What’s His Name

“I have to tell you something,” Short-pants said. “It’s about my life.”

She’d been waiting for hours for me to get home and she could hardly contain herself. I promised to give her my undivided attention – something about her life deserved at least that – if she could wait for me to set my big yellow bag down, put my keys on the shelf and take off my shoes. Her eyes remained fixed on my every move.

“Upstairs,” she said, lifting her chin upwards, towards her room.

I followed her up the narrow, curving stairway and sat beside her on the edge of her bed.

We’ve had a lot of talks these last few days; Short-pants is mindful of the gravity of her passage from primary school to collège – middle school – and she’s been expressing her enthusiasm and her trepidation in equal measure.

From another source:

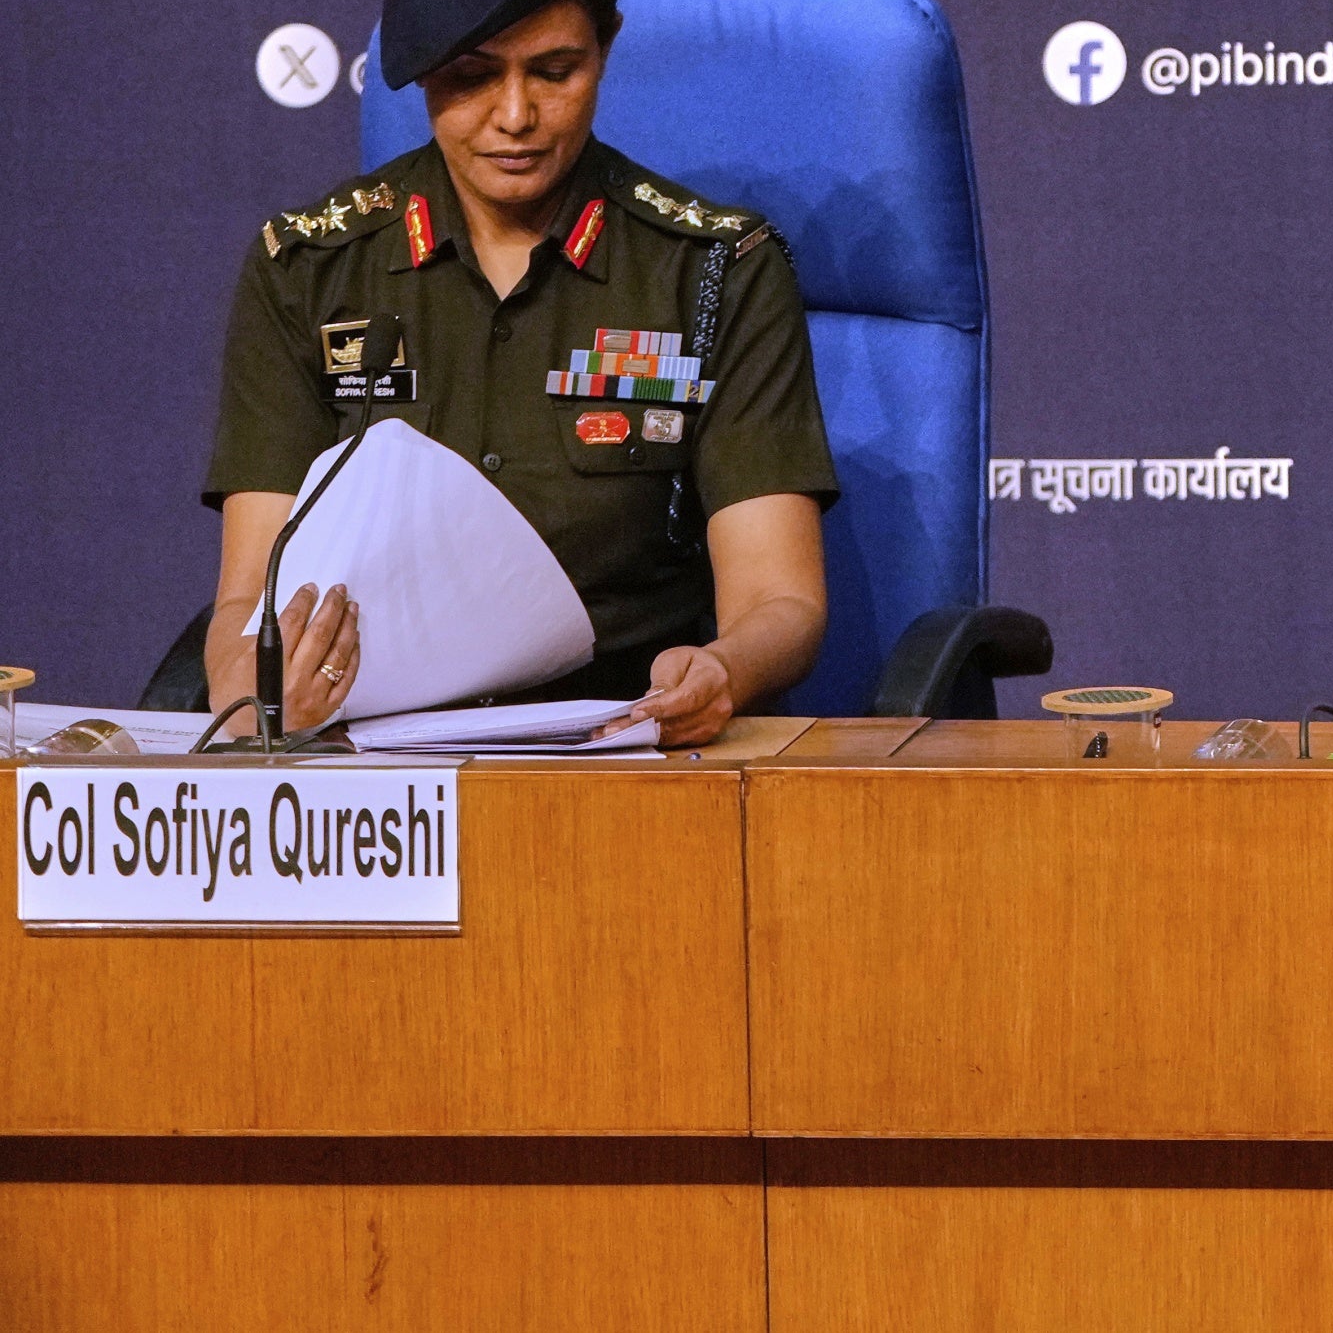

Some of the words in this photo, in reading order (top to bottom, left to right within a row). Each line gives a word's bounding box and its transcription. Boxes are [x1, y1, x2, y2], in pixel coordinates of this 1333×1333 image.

“There’s a boy. In my class. We hung out together a lot today,” she said. “I think he likes me.”

“What’s his name?” I asked.

She looked at me, surprised. She shrugged.

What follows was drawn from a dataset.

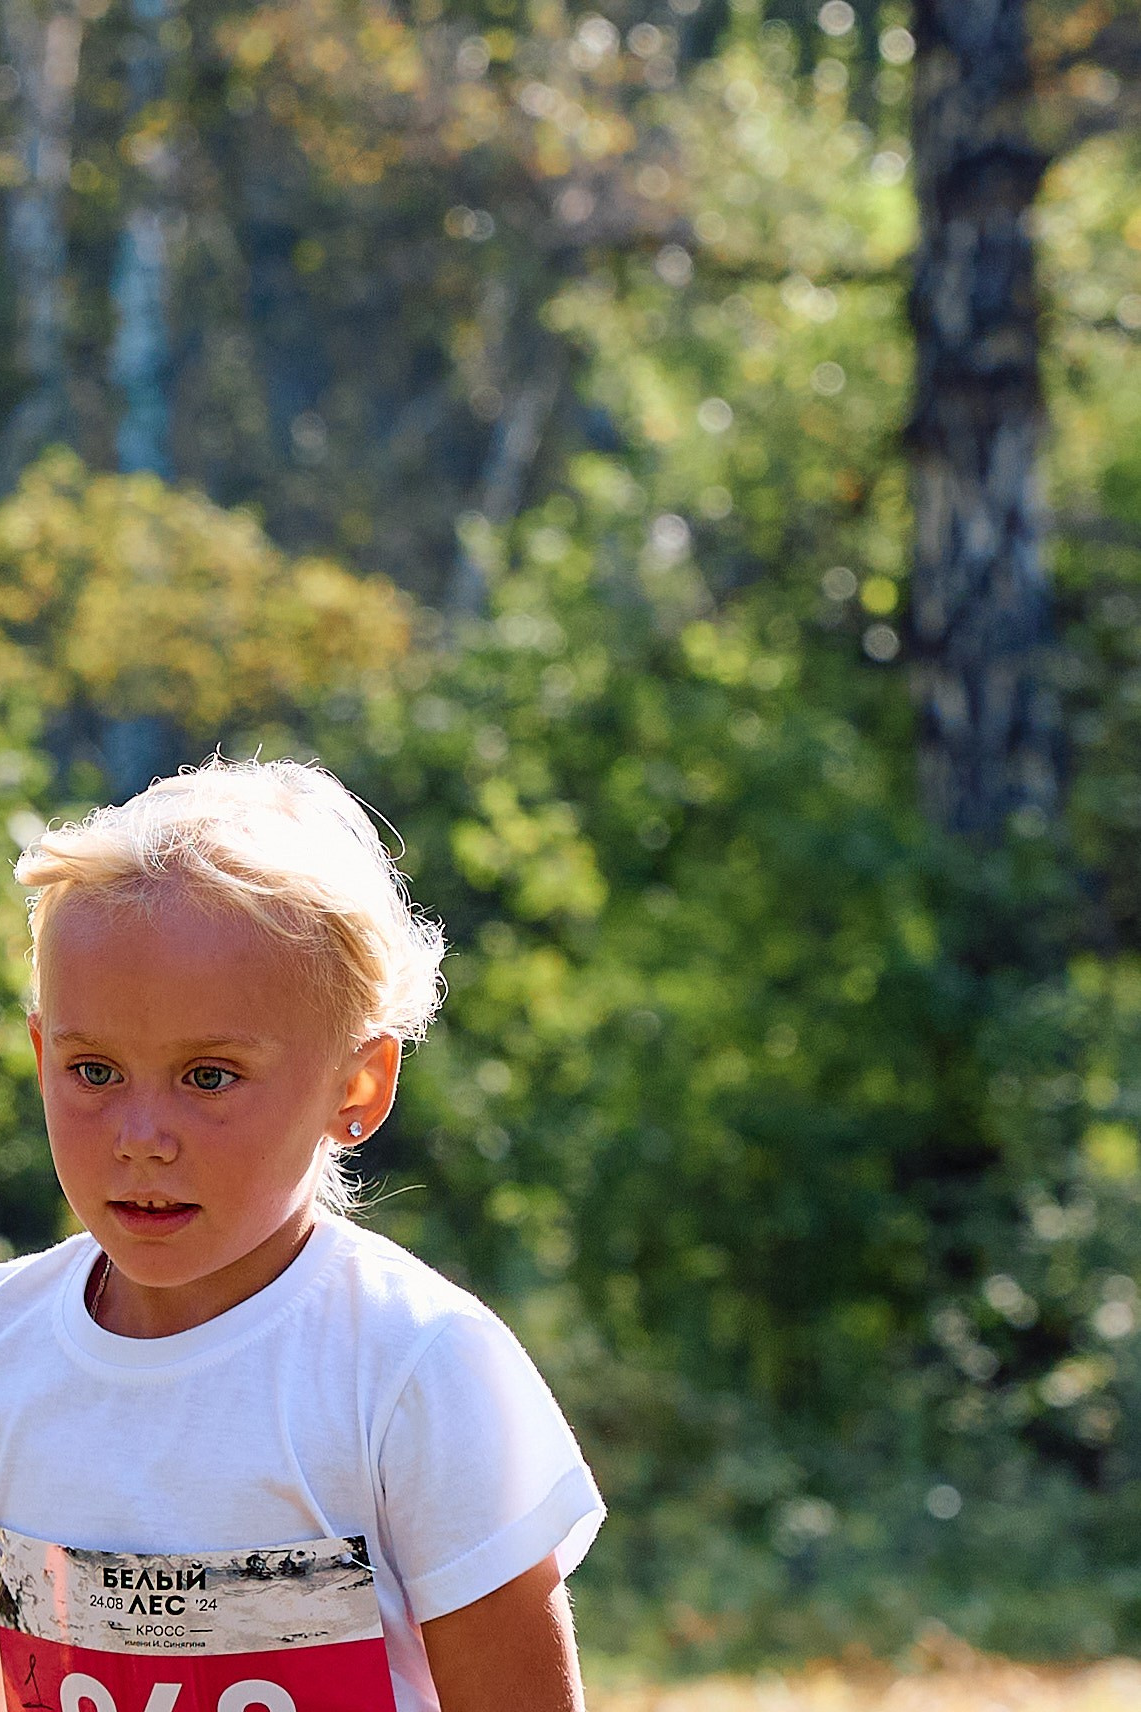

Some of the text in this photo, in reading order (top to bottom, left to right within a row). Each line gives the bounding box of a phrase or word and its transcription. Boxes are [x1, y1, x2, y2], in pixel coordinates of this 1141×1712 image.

[103, 1563, 206, 1591] БЕЛЫЙ
[89, 1594, 218, 1616] 24.08 ЛЕС '24
[136, 1625, 185, 1637] КРОСС
[124, 1640, 151, 1648] имени

“Well,” I said, trying to let her off the hook. “I guess knowing his name isn’t so important just yet, is it?”

She went on to tell me the context of their conversations, and how he’d asked her to have lunch with him, what they’d talked about and how his friend told her later, “I think there’s some dragging going on.”

I noticed her cheekbones seemed higher, more pronounced. Her eyebrows have started to frame her gray-blue eyes in a kind of glamorous way. It’s like her body had assumed a different stance, the poise of someone who is admired. She wasn’t the same girl I sent to school that morning.

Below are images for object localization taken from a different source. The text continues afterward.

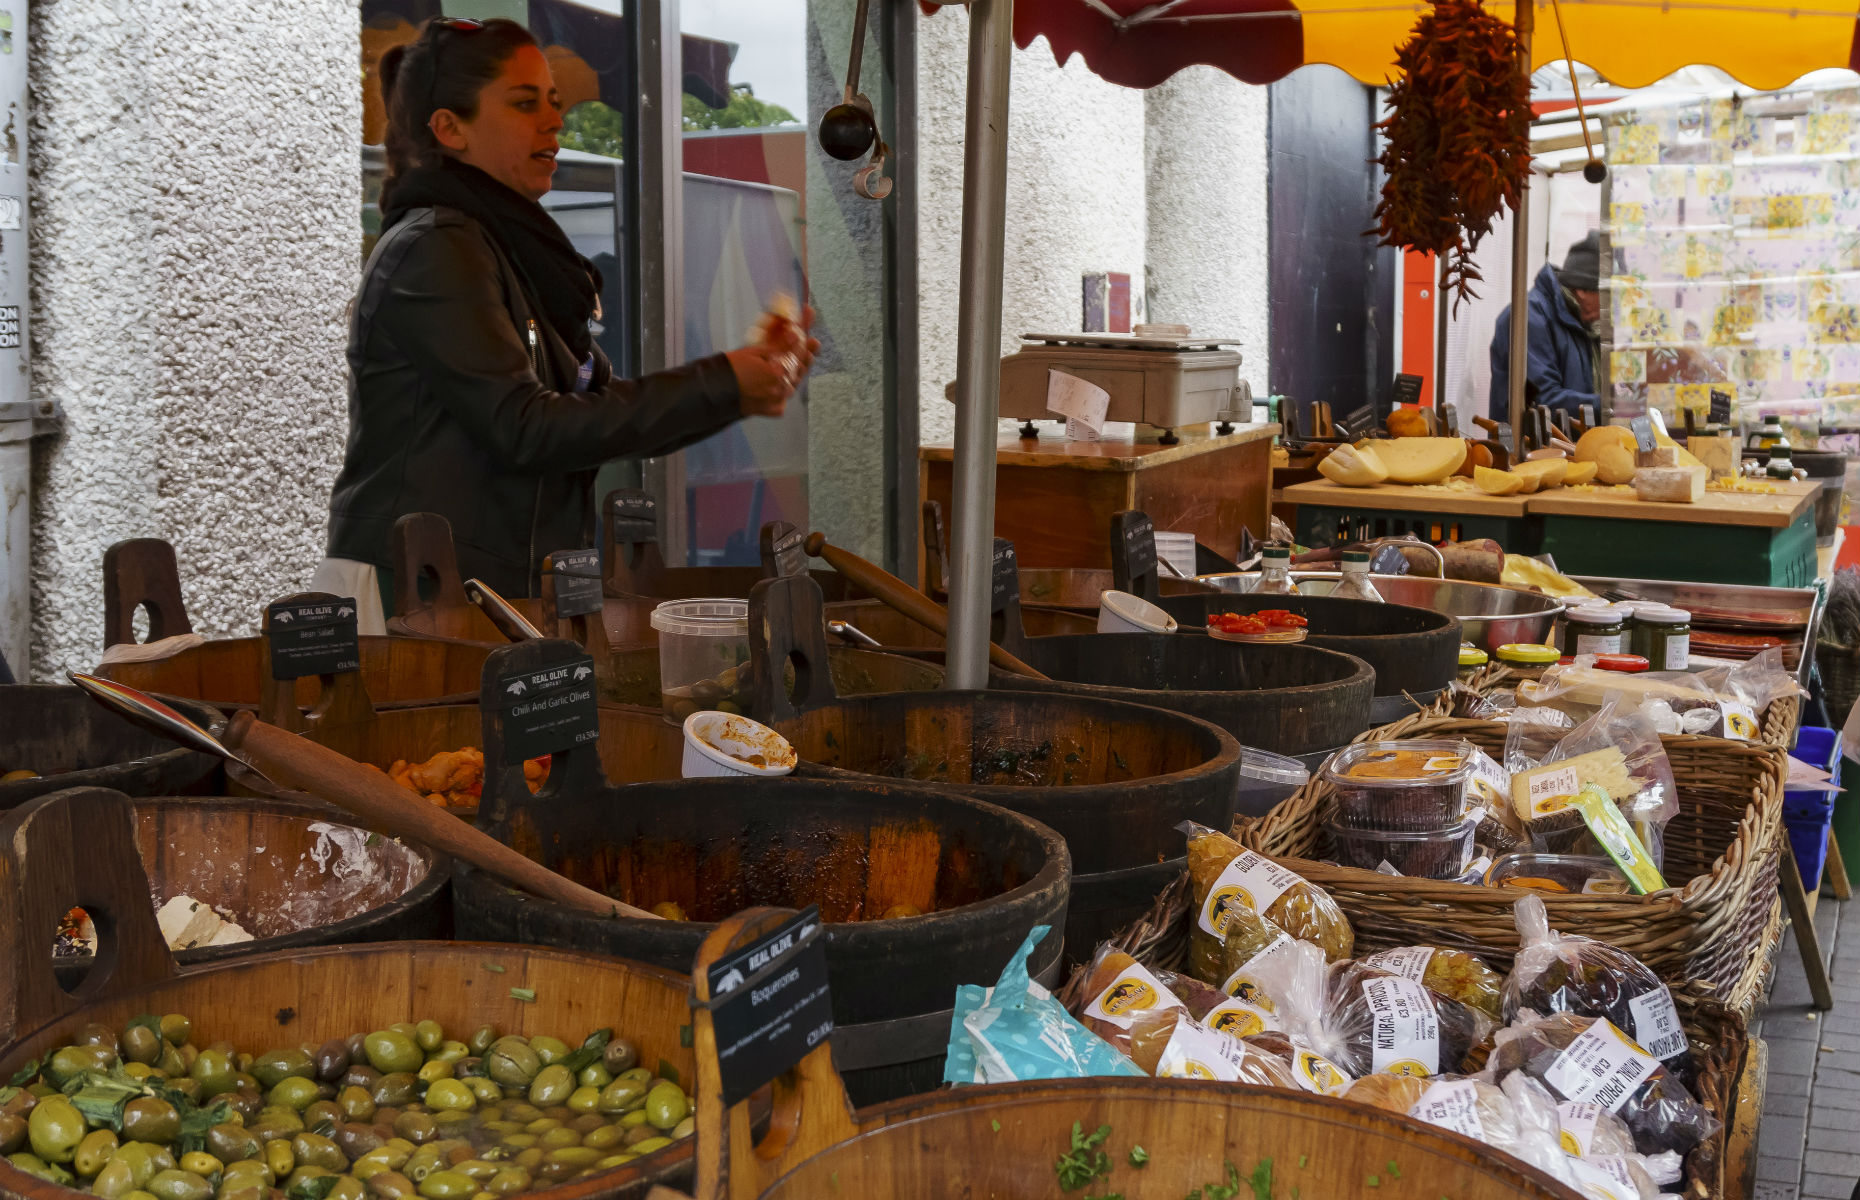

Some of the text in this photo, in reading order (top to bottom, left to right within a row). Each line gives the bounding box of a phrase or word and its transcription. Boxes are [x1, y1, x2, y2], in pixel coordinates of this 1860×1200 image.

[298, 606, 332, 616] REAL OLIVE
[531, 669, 568, 684] REAL OLIVE
[532, 700, 547, 712] And
[548, 696, 569, 708] Garlic
[569, 690, 590, 703] Olives
[748, 934, 793, 971] REAL OLIVE
[751, 967, 800, 1007] Boquerones
[1109, 984, 1146, 1012] REAL OLIVE
[1377, 1012, 1395, 1050] NATURAL
[1616, 1056, 1645, 1083] NATURAL

“Do you like him?” I asked.

“I don’t know,” she lied.

And so it begins.

The good news is, she wanted to tell me about it, and she claimed she’d told me more details than she told her sister. The good news is, somebody seems to like her before she likes him. The good news is, she could tell that he liked her. The bad news, well, there really isn’t any bad news, except that her indifference to boys meant one less element of drama in our household. Those days are over.

After dinner, Buddy-roo asked me if we could have a moment together, too. She keeps track of the time I spend alone with each of them, always keen to keep it even. I joined her upstairs in her little garret room, where she’d been setting up the Fisher Price dollhouse, the one that used to be mine.

“You know how I’ve been in love with…” she stopped and gestured with her hands, as though she’d been in love with Voldemort and didn’t dare to utter his name out loud.

“Well, there was this other boy in school today, a new boy,” she looked at me, straight on, “and he’s cuter.”

I can’t say I’m too disturbed that her last-year’s crush might be have run its course. I’m in no hurry for her to have a steady beau. Not that she’s had a deep relationship, let alone a formal date with the one who won’t be named. Remember these childhood romances? They’re just verbal agreements, made during recreation, to be in love. At the same time, I do want to discourage her from treating these little boys as dispensable, trading an old one in for a newer, cuter model. I tried to convey this to her but her eyes glazed over in the middle of my little lecture.

“My grandmother used to tell me that boys are like buses.” I said, trying a new tack. Buddy-roo likes family stories, and this kind of an opening gets her attention. “If you miss one, another one comes along in ten minutes.”

It’s true that my grandmother used to say this to me, rather often, though it wasn’t with a condescending or man-hating tone. She meant it in a matter-of-fact way, simply, don’t get too invested because at your age there’s a lot ahead of you. She just wanted me to keep my options open.

“But when you’re getting off the bus,” I added, “you still have to be polite.”

Buddy-roo considered this without looking at me, moving the furniture around in her dollhouse.

“And this new, cuter guy,” I said, “what’s his name?”

“I don’t know,” she answered, a little embarrassed.

“Well,” I said. “I guess knowing his name isn’t so important just yet, is it?”

I ought to tread carefully here, as my mental acuity isn’t as sharp as it used to be, and I have my own challenges remembering the names of people I’ve just met. It’s easy to get distracted when meeting someone new, thinking about what you want to say rather than listening and locking in on their name. I even get my own daughters wrong, calling them by each other’s names. But when I was the same age as Short-pants and Buddy-roo, I had glue between my ears. I heard and remembered everything, especially if it had to do with a boy I had a crush on. What’s up with my girls, who both seem to be infatuated with unnamed boys?

I know better than to tease them about this. It’s a surefire way to get them to stop talking to me about their burgeoning love lives. But it takes a certain amount of self-control.

On the way to school today, Buddy-roo grabbed my sleeve and pointed out the new boy.

“Oh,” I said, “That’s whats-his-name?”

She nodded.

I didn’t say it to her, but you know what? He is cuter.